[Collected data]
────────
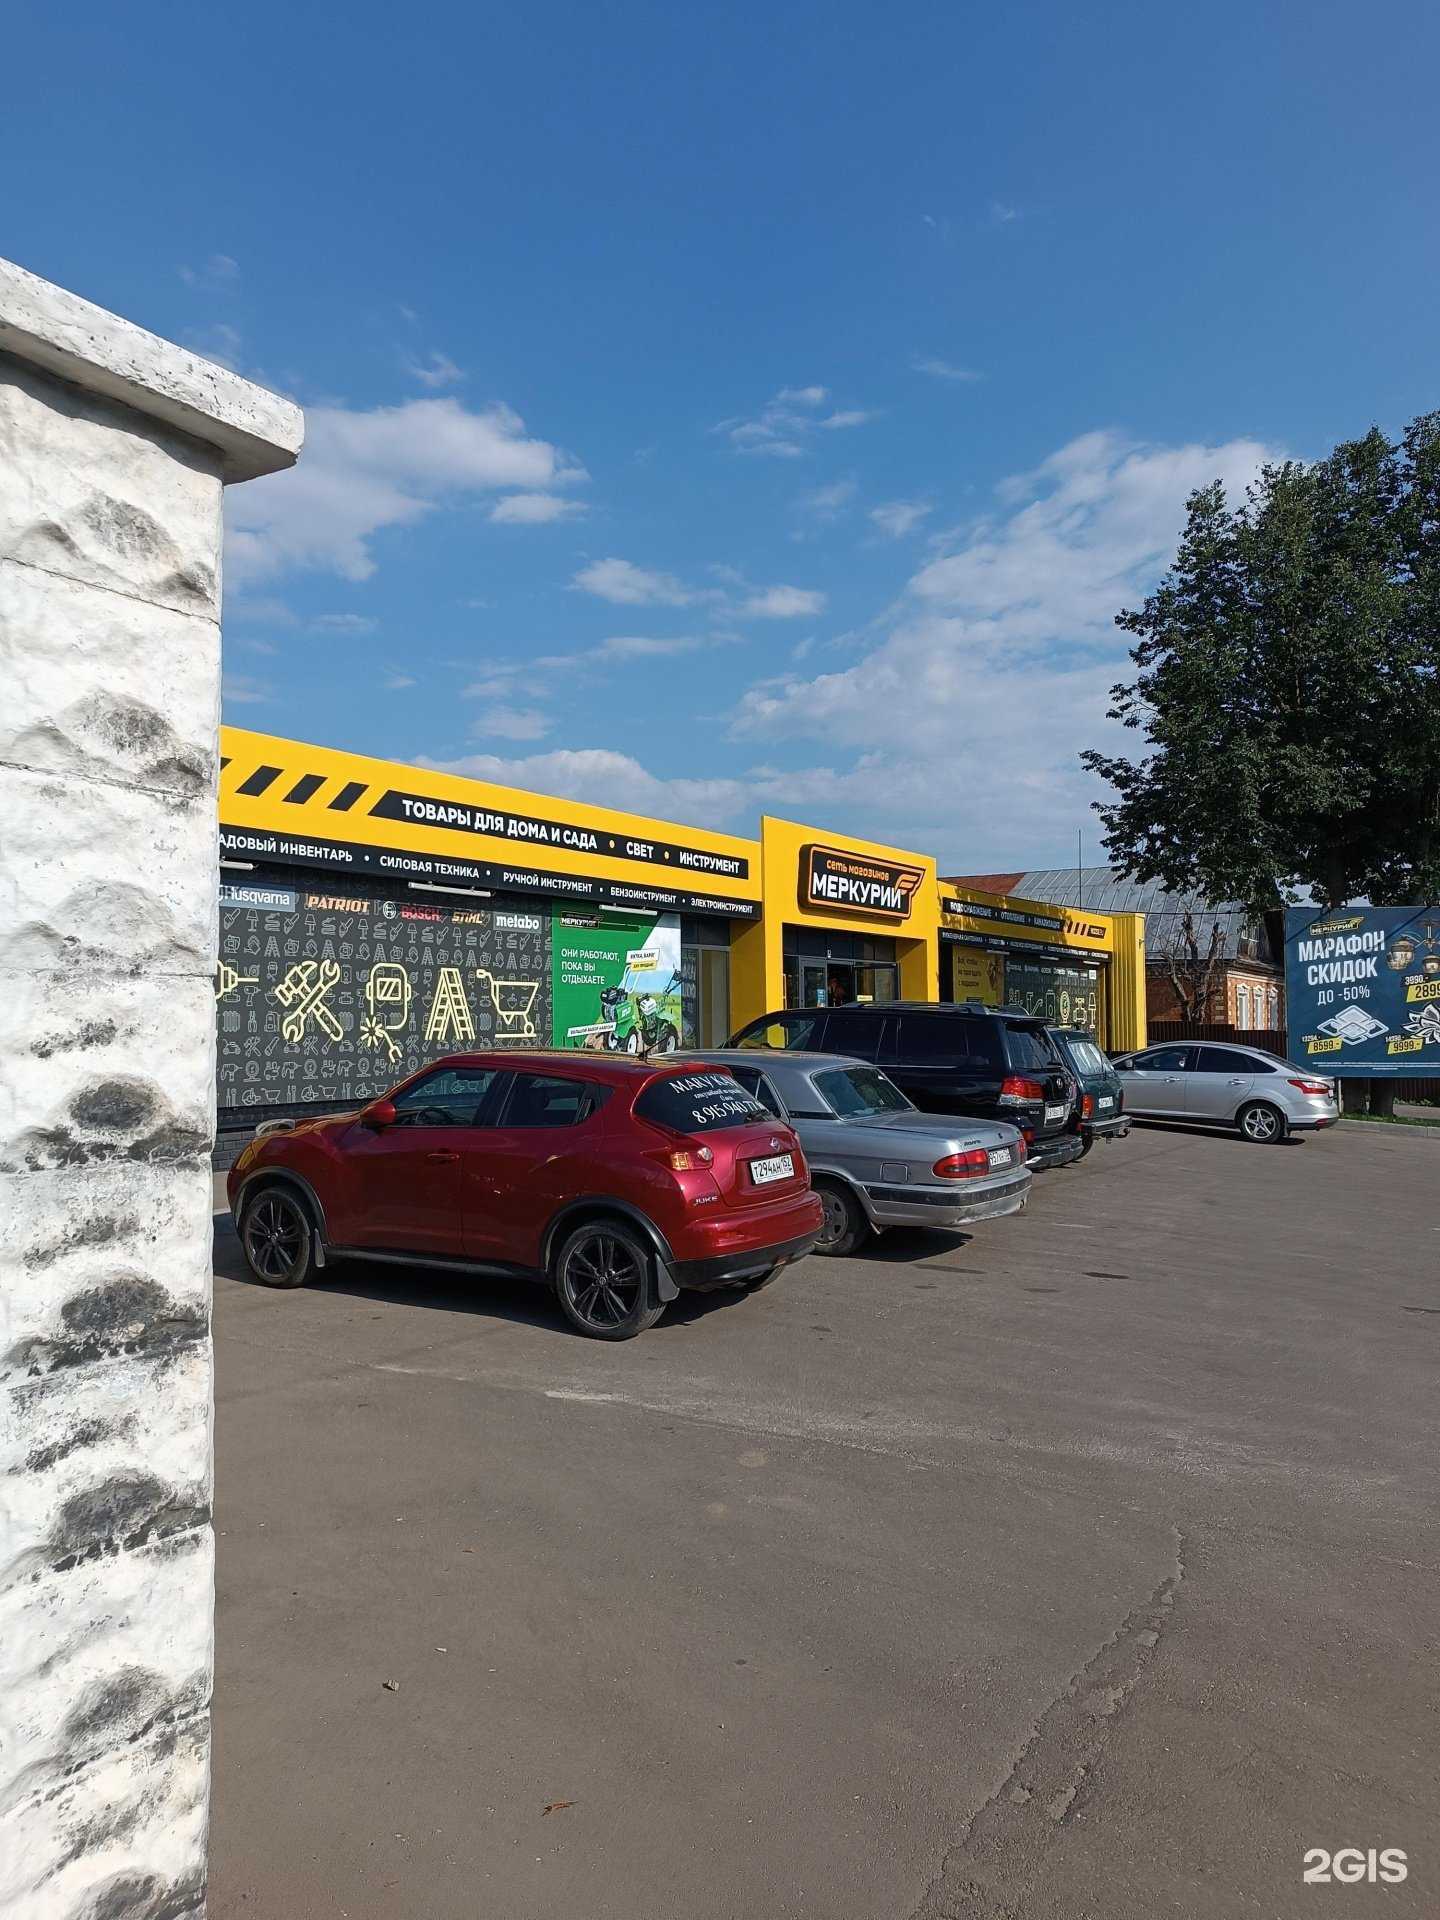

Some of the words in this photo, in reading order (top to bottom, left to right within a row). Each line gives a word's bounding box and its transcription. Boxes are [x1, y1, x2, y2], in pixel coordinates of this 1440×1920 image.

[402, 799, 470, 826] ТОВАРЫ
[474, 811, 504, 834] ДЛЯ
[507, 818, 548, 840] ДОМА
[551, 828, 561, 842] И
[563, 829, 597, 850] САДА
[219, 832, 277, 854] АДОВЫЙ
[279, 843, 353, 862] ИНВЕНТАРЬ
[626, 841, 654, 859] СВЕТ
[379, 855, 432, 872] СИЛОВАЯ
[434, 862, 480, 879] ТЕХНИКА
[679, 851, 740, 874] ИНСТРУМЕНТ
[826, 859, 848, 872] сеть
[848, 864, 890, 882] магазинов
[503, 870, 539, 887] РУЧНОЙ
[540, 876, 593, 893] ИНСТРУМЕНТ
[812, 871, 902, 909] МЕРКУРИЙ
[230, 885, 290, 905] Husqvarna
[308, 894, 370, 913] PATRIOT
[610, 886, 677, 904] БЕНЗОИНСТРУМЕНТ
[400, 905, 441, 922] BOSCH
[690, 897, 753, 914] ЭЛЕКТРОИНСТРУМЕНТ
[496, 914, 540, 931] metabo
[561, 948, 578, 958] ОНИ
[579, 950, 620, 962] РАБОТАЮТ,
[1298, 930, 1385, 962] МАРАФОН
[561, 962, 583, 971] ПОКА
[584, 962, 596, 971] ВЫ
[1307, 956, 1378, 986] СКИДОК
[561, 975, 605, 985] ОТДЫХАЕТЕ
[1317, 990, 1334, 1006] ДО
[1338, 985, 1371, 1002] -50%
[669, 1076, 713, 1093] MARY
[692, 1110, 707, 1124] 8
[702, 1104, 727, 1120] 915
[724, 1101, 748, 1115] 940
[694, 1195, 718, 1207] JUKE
────────
**Exercise details**
Restate the records word for word, omitting images.

**Expected answer**
Some of the words in this photo, in reading order (top to bottom, left to right within a row). Each line gives a word's bounding box and its transcription. Boxes are [x1, y1, x2, y2], in pixel coordinates of this 1440×1920 image.

[402, 799, 470, 826] ТОВАРЫ
[474, 811, 504, 834] ДЛЯ
[507, 818, 548, 840] ДОМА
[551, 828, 561, 842] И
[563, 829, 597, 850] САДА
[219, 832, 277, 854] АДОВЫЙ
[279, 843, 353, 862] ИНВЕНТАРЬ
[626, 841, 654, 859] СВЕТ
[379, 855, 432, 872] СИЛОВАЯ
[434, 862, 480, 879] ТЕХНИКА
[679, 851, 740, 874] ИНСТРУМЕНТ
[826, 859, 848, 872] сеть
[848, 864, 890, 882] магазинов
[503, 870, 539, 887] РУЧНОЙ
[540, 876, 593, 893] ИНСТРУМЕНТ
[812, 871, 902, 909] МЕРКУРИЙ
[230, 885, 290, 905] Husqvarna
[308, 894, 370, 913] PATRIOT
[610, 886, 677, 904] БЕНЗОИНСТРУМЕНТ
[400, 905, 441, 922] BOSCH
[690, 897, 753, 914] ЭЛЕКТРОИНСТРУМЕНТ
[496, 914, 540, 931] metabo
[561, 948, 578, 958] ОНИ
[579, 950, 620, 962] РАБОТАЮТ,
[1298, 930, 1385, 962] МАРАФОН
[561, 962, 583, 971] ПОКА
[584, 962, 596, 971] ВЫ
[1307, 956, 1378, 986] СКИДОК
[561, 975, 605, 985] ОТДЫХАЕТЕ
[1317, 990, 1334, 1006] ДО
[1338, 985, 1371, 1002] -50%
[669, 1076, 713, 1093] MARY
[692, 1110, 707, 1124] 8
[702, 1104, 727, 1120] 915
[724, 1101, 748, 1115] 940
[694, 1195, 718, 1207] JUKE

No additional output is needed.